Henrique has scored twice in overtime to end the seasons for both the Florida Panthers and the New York Rangers in the series-clincher games. He is the first rookie to tally three game-winners in one playoff year since 1999 when Chris Drury (4) and Milan Hejduk (3) from the Colorado Avalanche tallied their game-winners.
“Henrique already has scored two overtime goals in the 2012 playoffs, tying the NHL rookie record set by Montreal’s Jacques Lemaire in 1968 and equaled by Montreal’s Claude Lemieux in 1986.” [NHL]
Both Lemaire and Lemieux have deep ties within the Devils’ organization, so it’s incredible to see how they are now all linked to each other. History can and does repeat itself…just like fans are hoping that the Toronto Maple Leafs 1942 Stanley Cup run will be repeated once again.
In 1942, the Toronto Maple Leafs were trailing the series 0-3. The coach decided to sit out their lead goal scorer and give two younger players a shot. It was a severe risk that the Leafs were taking, but the team they had on the ice wasn’t working for them.
After this change-up, Toronto went on to win four straight, winning the Stanley Cup.
This come from behind victory has only succeeded once since the entire best-of-seven game format was adopted. Devils fans are hoping that 70 years later, history will repeat itself once again. With the mentality of the team, this dream could be made possible. It takes one game at a time.
The Devils decided to take a similar course of action like that of the 1942 team. Both Peter Harrold and Jacob Josefson were scratched in favor of Petr Sykora and Henrik Tallinder. This game marked Tallinder’s first appearance. He had been out of the lineup since January 17th due to a blood clot.
Tallinder’s return allowed for some relief for Devils’ defenseman, Anton Volchenkov.
Even though there were slight changes similar to that of 1942, coach Peter DeBoer doesn’t think they did anything too differently.
“Not a whole lot different,” he said. “We found a way to get the first goal. We found a way to keep momentum. We didn’t play any harder. I mean, I think the chances were relatively even again tonight, like they have been most of the games. Our poorest effort was in Game 1. I think the last three games could have gone our way as easily as they’ve gone L.A.’s way. We finally got rewarded tonight.”
The secret to the Devils success? One simple word: BELIEVE.
“Well, they believe,” DeBoer said. “They’re in the fight. They’ve got a lot of pride.”
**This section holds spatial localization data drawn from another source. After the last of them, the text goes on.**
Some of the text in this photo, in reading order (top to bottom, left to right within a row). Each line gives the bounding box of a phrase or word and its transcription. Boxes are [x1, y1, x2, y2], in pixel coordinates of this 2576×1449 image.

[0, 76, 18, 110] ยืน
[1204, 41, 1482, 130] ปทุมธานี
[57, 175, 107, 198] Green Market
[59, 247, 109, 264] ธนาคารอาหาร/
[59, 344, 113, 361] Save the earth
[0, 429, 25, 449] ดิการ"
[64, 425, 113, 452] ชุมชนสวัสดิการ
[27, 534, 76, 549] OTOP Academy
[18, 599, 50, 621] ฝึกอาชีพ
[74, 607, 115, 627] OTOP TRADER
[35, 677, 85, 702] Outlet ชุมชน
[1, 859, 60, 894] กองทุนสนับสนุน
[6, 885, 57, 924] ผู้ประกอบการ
“We’re pretty happy to live another day,” Martin Brodeur said after the win. “There’s no doubt about that. We just wanted to play well, give everything we had, and see where that’s going to bring us. Again, we were able to win. We’re pretty happy about it. But we know that the road ahead is the most difficult that we could face. So we’re taking a day at a time. But it was fun to win. It’s been three games we played well and no result. Regardless of what happened next game, at least we won one game. We’re definitely happy about the way everything unfolded for us today.”
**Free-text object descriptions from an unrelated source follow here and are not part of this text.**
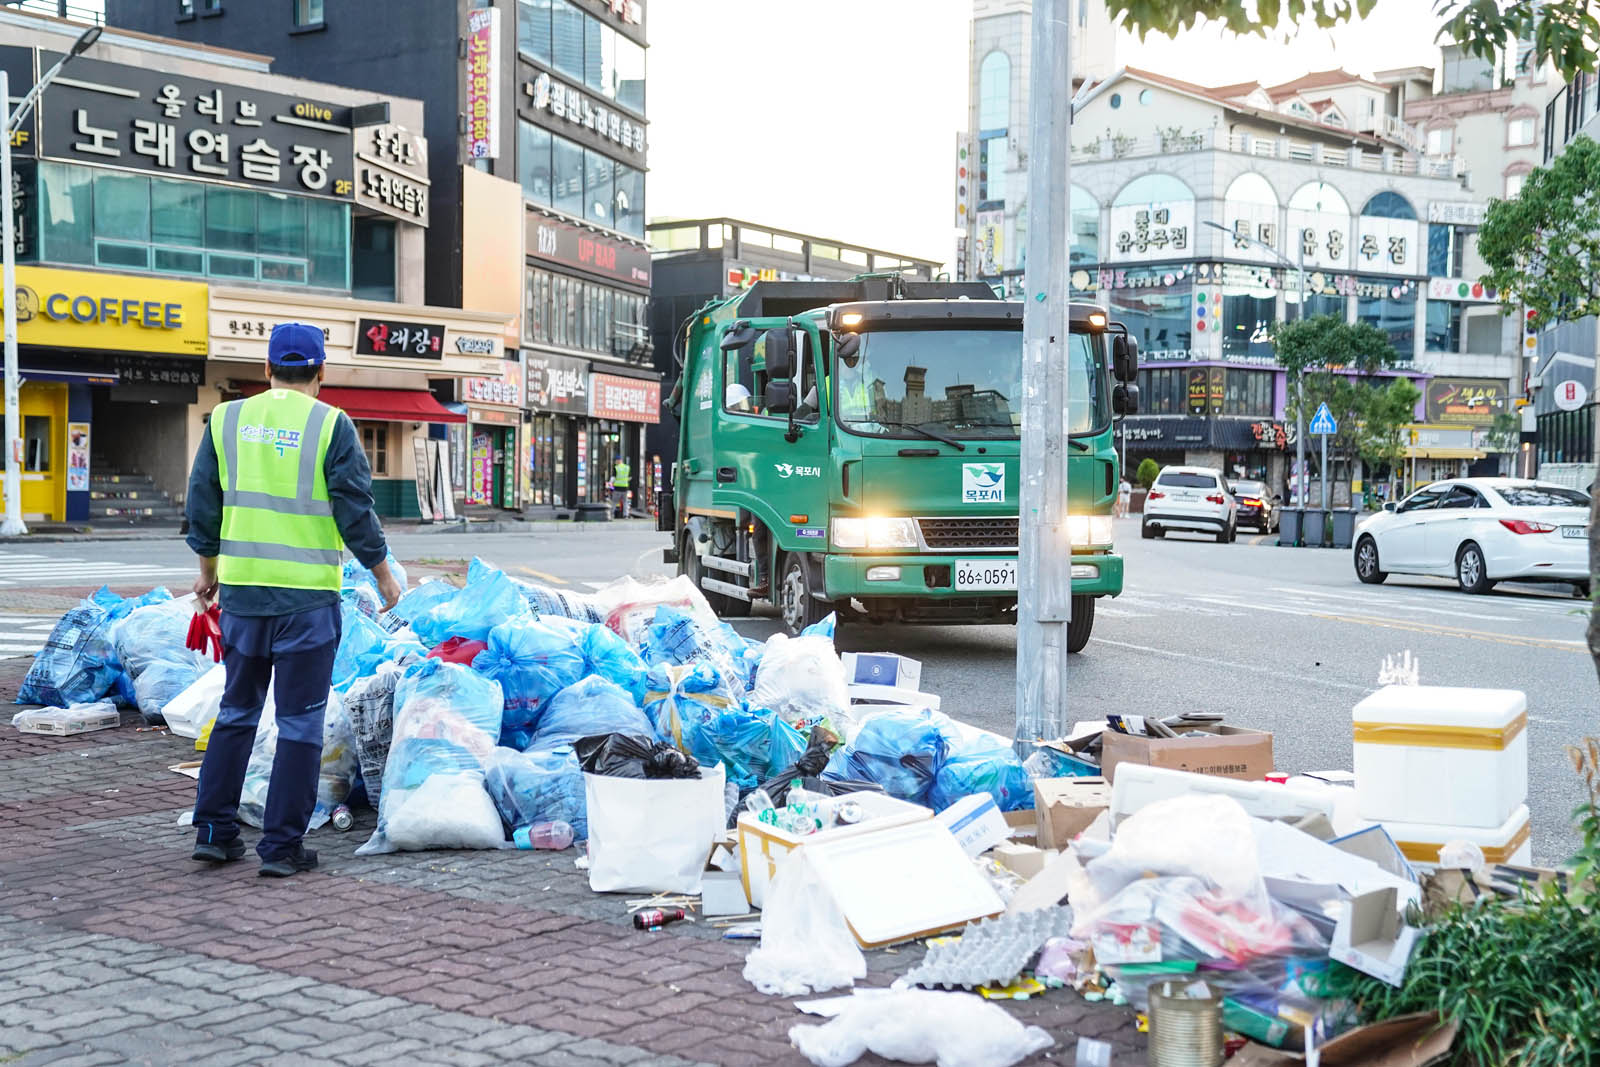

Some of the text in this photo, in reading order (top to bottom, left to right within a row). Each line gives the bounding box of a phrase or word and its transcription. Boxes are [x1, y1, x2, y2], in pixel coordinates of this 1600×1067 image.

[156, 83, 264, 127] 올리브
[294, 103, 333, 121] olive
[75, 108, 333, 190] 노래연습장
[335, 179, 353, 195] 2F
[364, 168, 424, 217] 노래연습장
[1116, 227, 1187, 253] 유흥주점
[46, 292, 183, 329] COFFEE
[275, 429, 300, 457] 목포
[795, 466, 821, 478] 목포시
[966, 490, 1002, 501] 목포시
[958, 569, 1015, 585] 86수0591
Does this make him believe more?
“More than yesterday,” he said. “You know, I think we wanted to make them jump on a plane and come to New Jersey. We had to go anyway. Might as well get a game over there (smiling). But I think it’s a tough situation, you know, for us to be in. We pulled it off, one game. We’ll take it one game at a time. But I’m sure they’re not happy to make that trip. We’ll try to make it miserable for them again. Played them well, played them hard. We’ll see where the result is going to end up. We definitely are looking forward to the next game and some of the momentum. Finally we were able to score goals on Quick, not many, but enough to win. Hopefully that’s going to be a good thing for the boys coming home, that we’re a little better offensively on home ice.”
Game Five is on Saturday at 8:00 p.m. in Newark, New Jersey.